Vital Signs and Estimated Blood Loss in Patients with Major Trauma: Testing the Validity of the ATLS Classification of Hypovolemic Shock

Guly HR, Bouamra O, Spiers M, et al. Resuscitation 2011;82:556–9.
      The Advanced Trauma Life Support (ATLS) classification of shock is a widely accepted and utilized tool to assess the severity of trauma, direct treatment, and predict morbidity and mortality.

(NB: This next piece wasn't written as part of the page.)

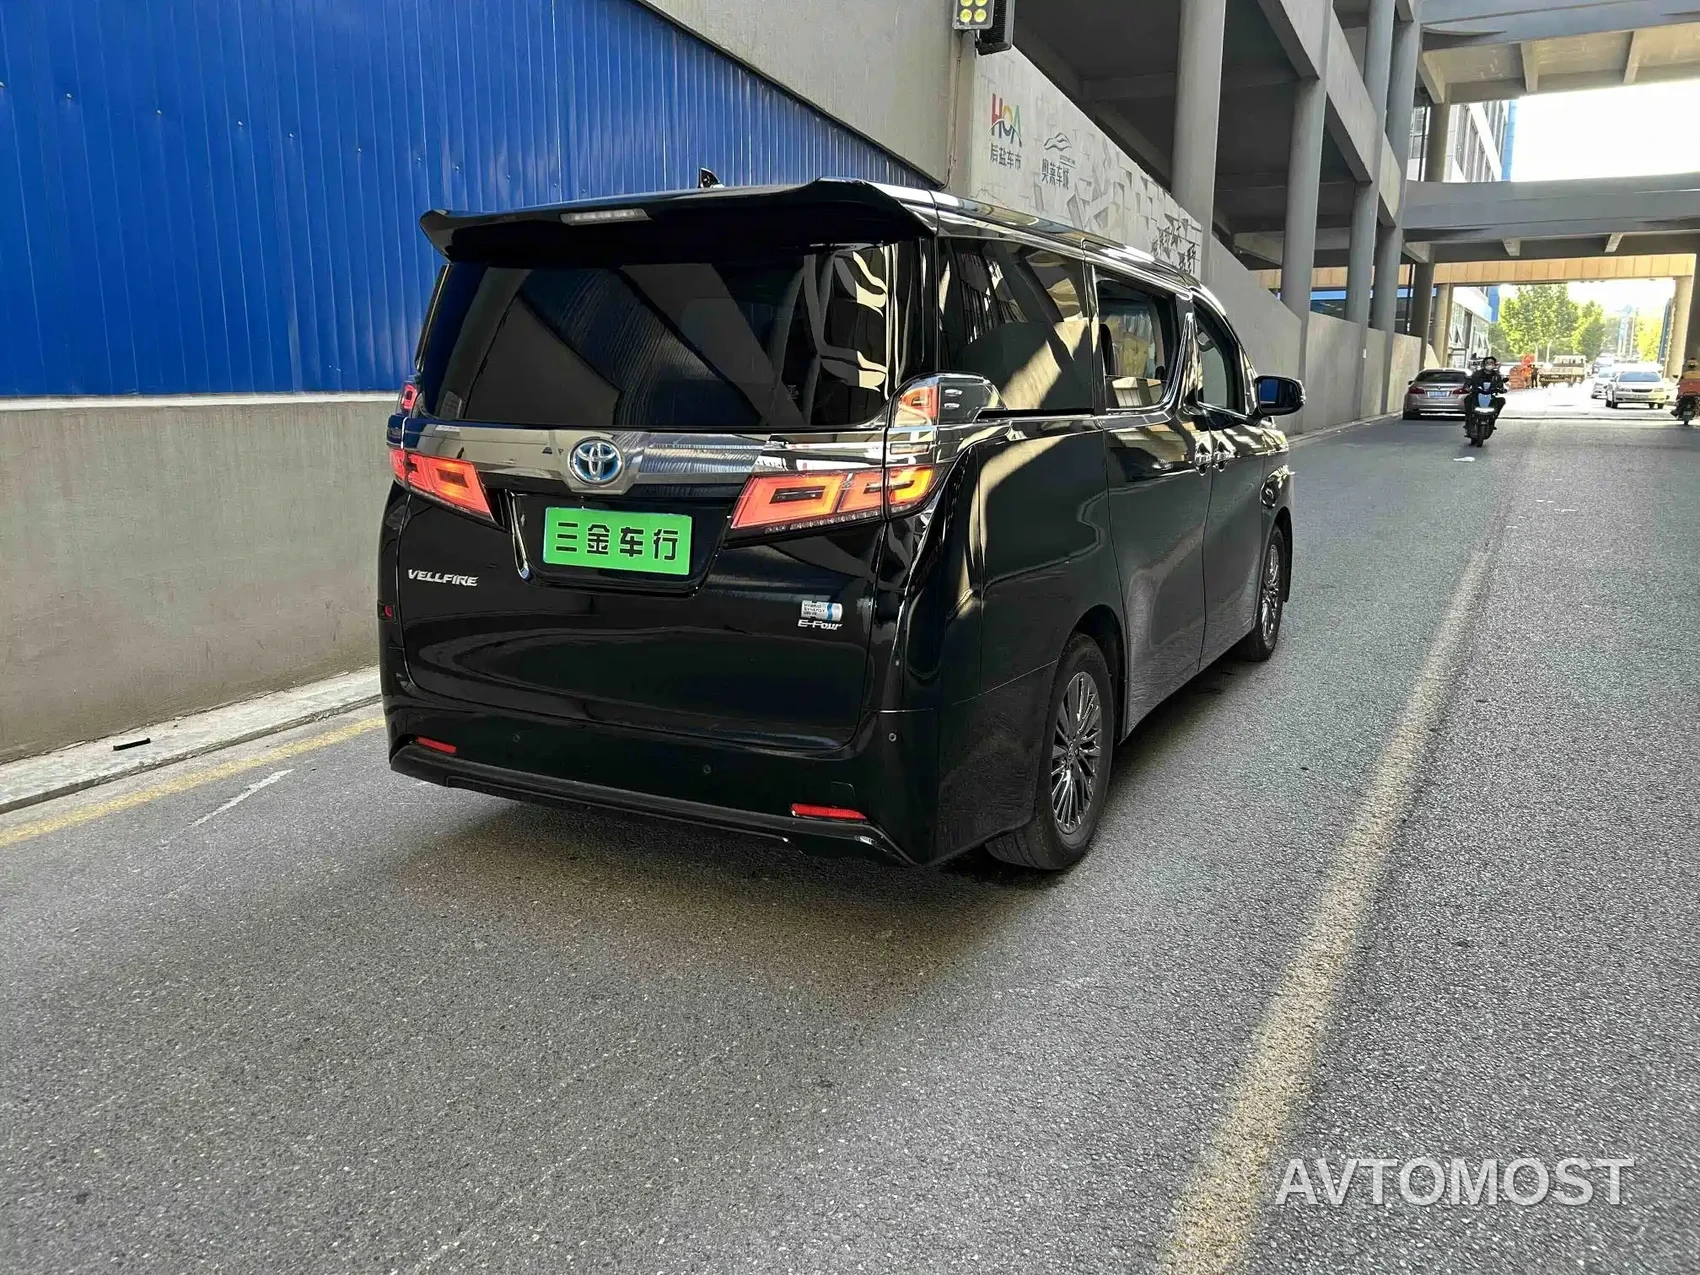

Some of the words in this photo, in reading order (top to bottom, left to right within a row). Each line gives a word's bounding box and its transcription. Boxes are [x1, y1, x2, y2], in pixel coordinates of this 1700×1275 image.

[556, 522, 678, 561] 三金车行
[408, 569, 479, 587] VELLFIRE
[798, 619, 842, 630] E-Four

This retrospective case review from England and Wales sought to validate the classification of shock based on physiological parameters taught in ATLS. The authors reviewed all blunt and penetrating traumas included in the Trauma Audit and Research Network database between 1989 and 2007. Patients were included if they were older than 16 years and admitted to the hospital for more than 3 days, admitted to an intensive care unit, or died within 93 days of injury. Patients were excluded if they were over 65 years of age with isolated orthopedic injuries, or of any age with isolated limb injuries. Included patients had an estimation of blood loss based on mechanism of injury (e.g., pelvic fractures correspond with 23% blood loss by volume), and based on this, were then assigned an ATLS shock classification. The patients’ actual vital signs were then compared to ATLS predictions. The principal findings were that as estimated blood loss increased, heart rate (HR) was seen to increase and systolic blood pressure (SBP) to decrease as predicted by ATLS, but not to the same magnitude. For example, in Class 4, where ATLS predicts a HR > 140 beats/min, a maximal HR of only 114 was seen. Furthermore, there was significant overlap between patients in the different groups. No statistical difference was noted with an increasing respiratory rate nor decreased Glasgow Coma Scale (GCS) score with increasing shock classification, although shock class 4 was associated with GCS ≤ 8 in 25% of patients. A significant limitation in this analysis was that the amount of intravenous fluids administered was recorded in only 5.3% of patients, and the subsequent effect on the recorded patient's vitals could therefore not be quantified in the vast majority. Nevertheless, the authors concluded that the ATLS guidelines, although correct in their assertion that vital signs do trend with increasing blood loss, need to be adjusted so as to avoid underestimating the severity of injury.